Output the whole listing below exactly, omitting the images.

[Opening Records supplied section]

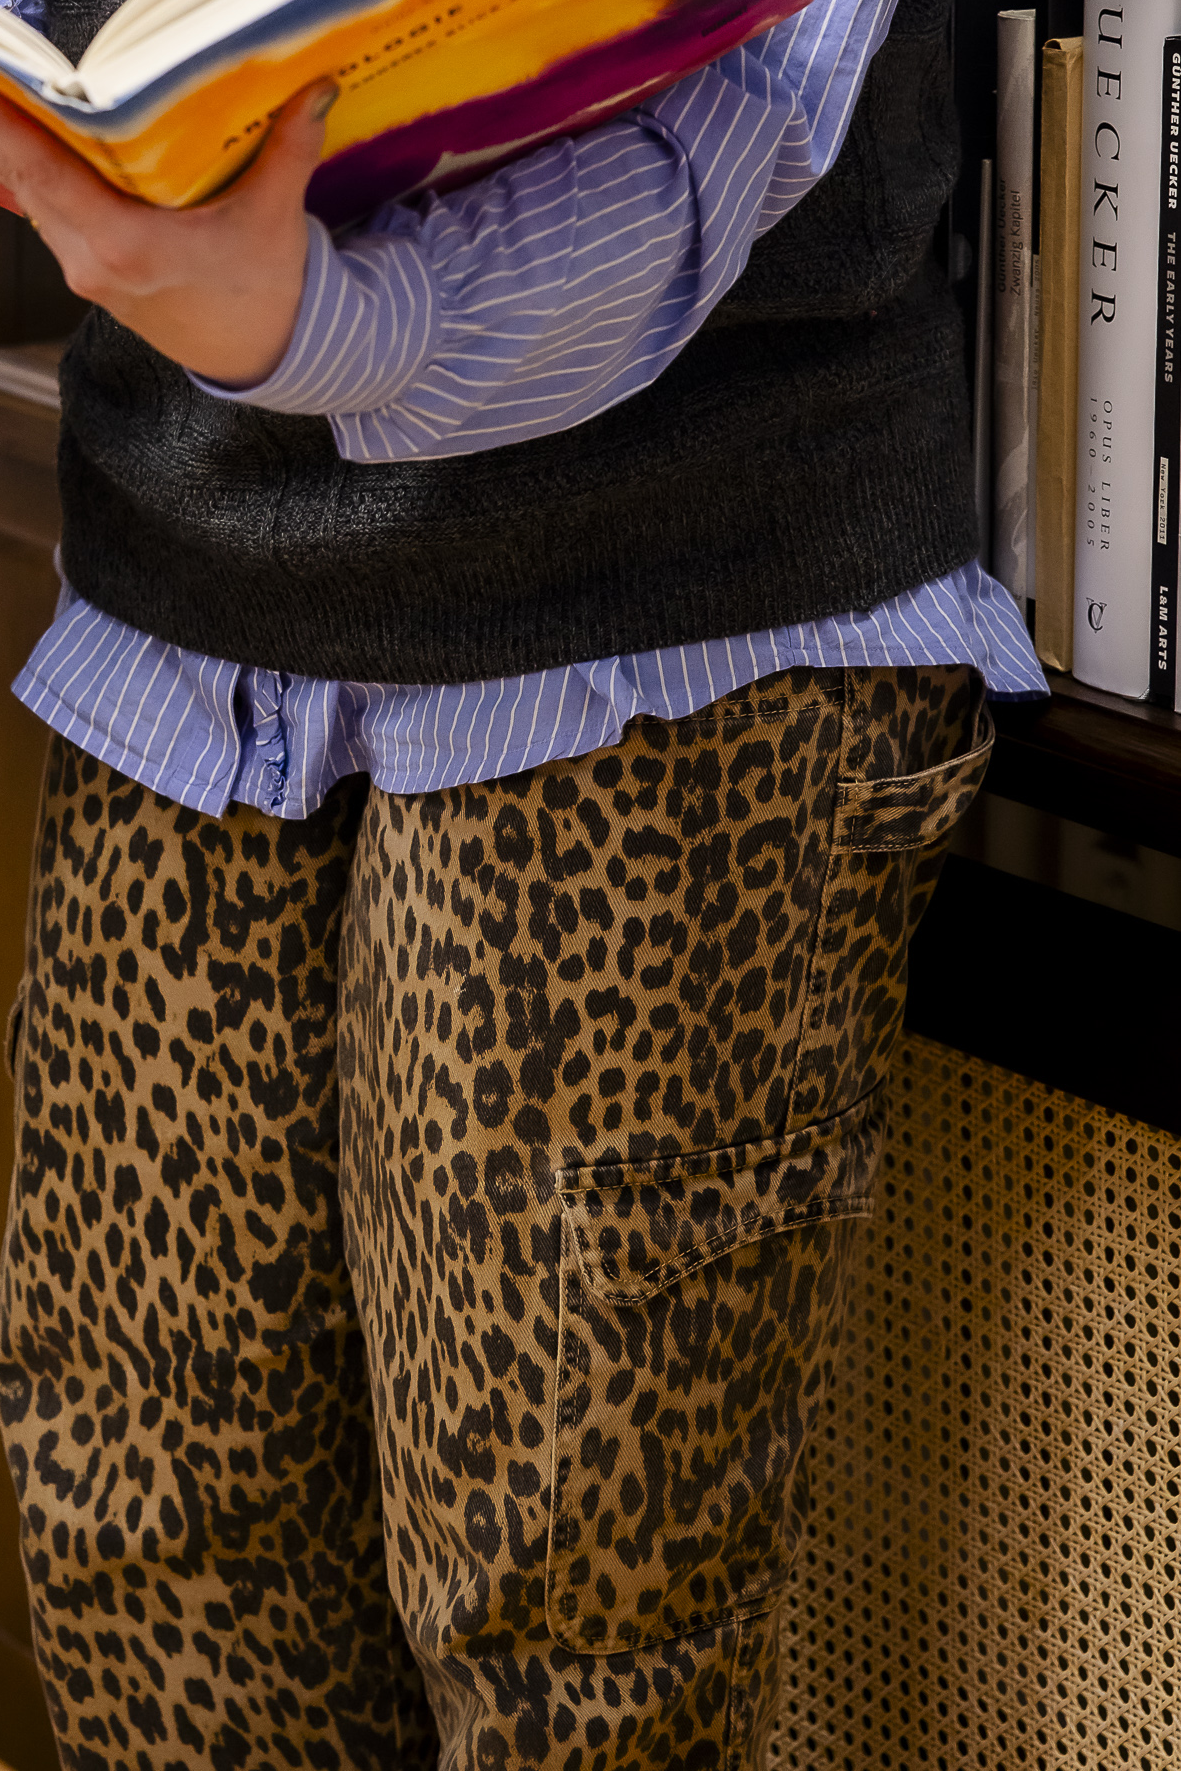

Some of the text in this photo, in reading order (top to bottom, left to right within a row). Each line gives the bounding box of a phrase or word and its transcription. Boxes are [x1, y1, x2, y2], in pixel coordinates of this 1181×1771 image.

[1008, 189, 1024, 296] Zwanzig Kapitel
[1090, 6, 1124, 326] UECKER
[1157, 52, 1181, 671] GÜNTHER UECKER THE EARLY YEARS L&M ARTS
[1099, 399, 1113, 552] OPUS LIBER
[1158, 462, 1167, 540] New York 2011
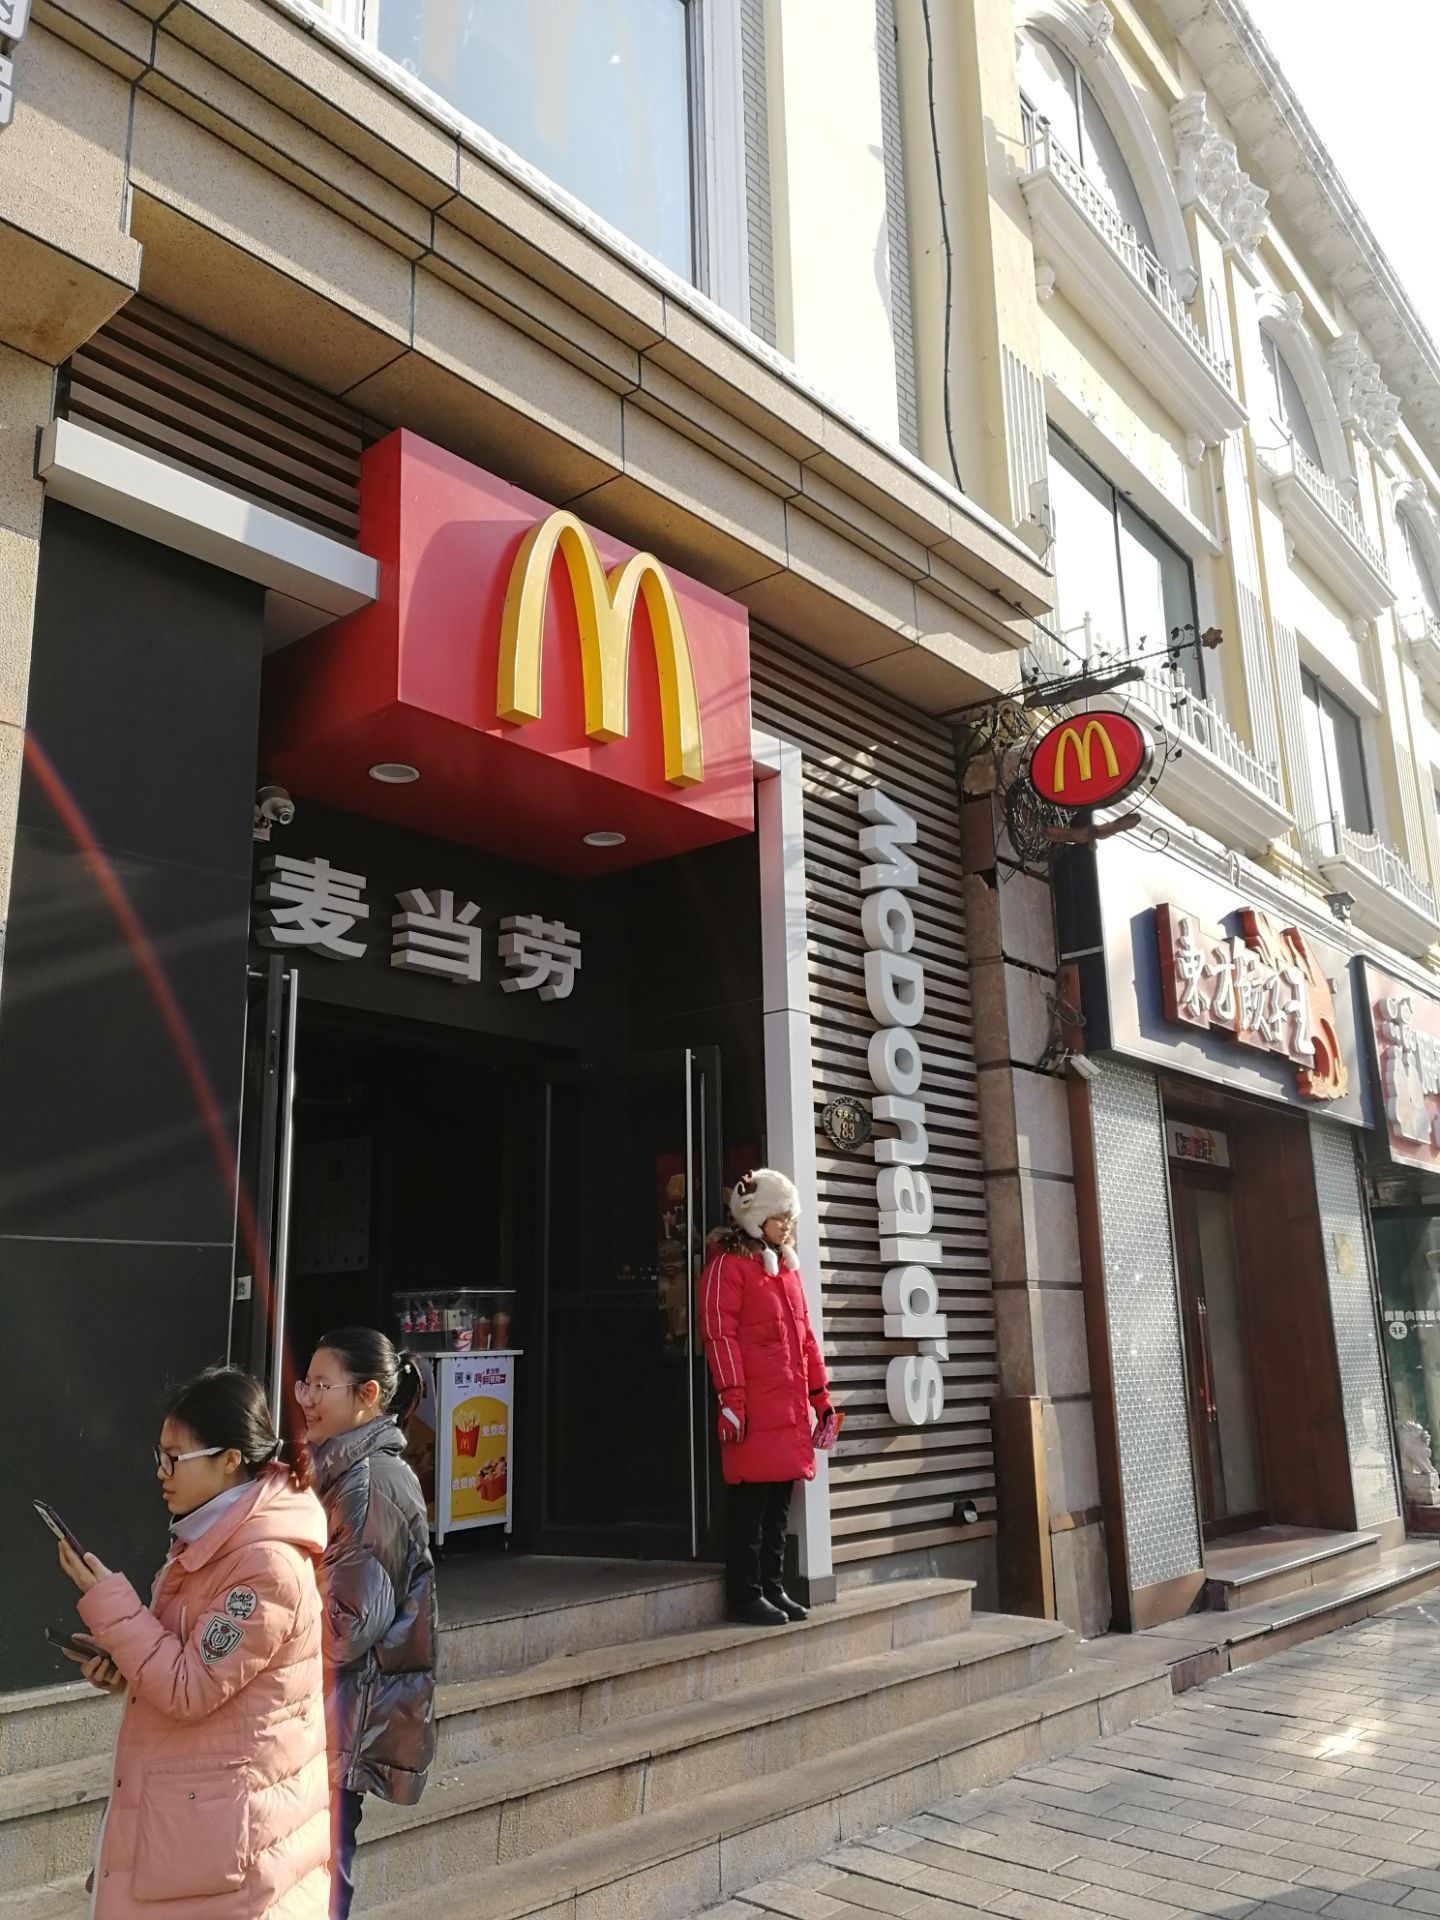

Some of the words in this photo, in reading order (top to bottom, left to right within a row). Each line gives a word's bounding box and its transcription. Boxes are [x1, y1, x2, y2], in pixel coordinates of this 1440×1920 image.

[Closing Records supplied section]

* _Answer box_:
Some of the text in this photo, in reading order (top to bottom, left to right within a row). Each line gives the bounding box of a phrase or word and its transcription. Boxes are [x1, y1, x2, y2], in pixel coordinates of this 1181×1771 image.

[1008, 189, 1024, 296] Zwanzig Kapitel
[1090, 6, 1124, 326] UECKER
[1157, 52, 1181, 671] GÜNTHER UECKER THE EARLY YEARS L&M ARTS
[1099, 399, 1113, 552] OPUS LIBER
[1158, 462, 1167, 540] New York 2011

Some of the words in this photo, in reading order (top to bottom, left to right within a row). Each line gives a word's bounding box and its transcription. Boxes are [x1, y1, x2, y2], in pixel coordinates of this 1440×1920 image.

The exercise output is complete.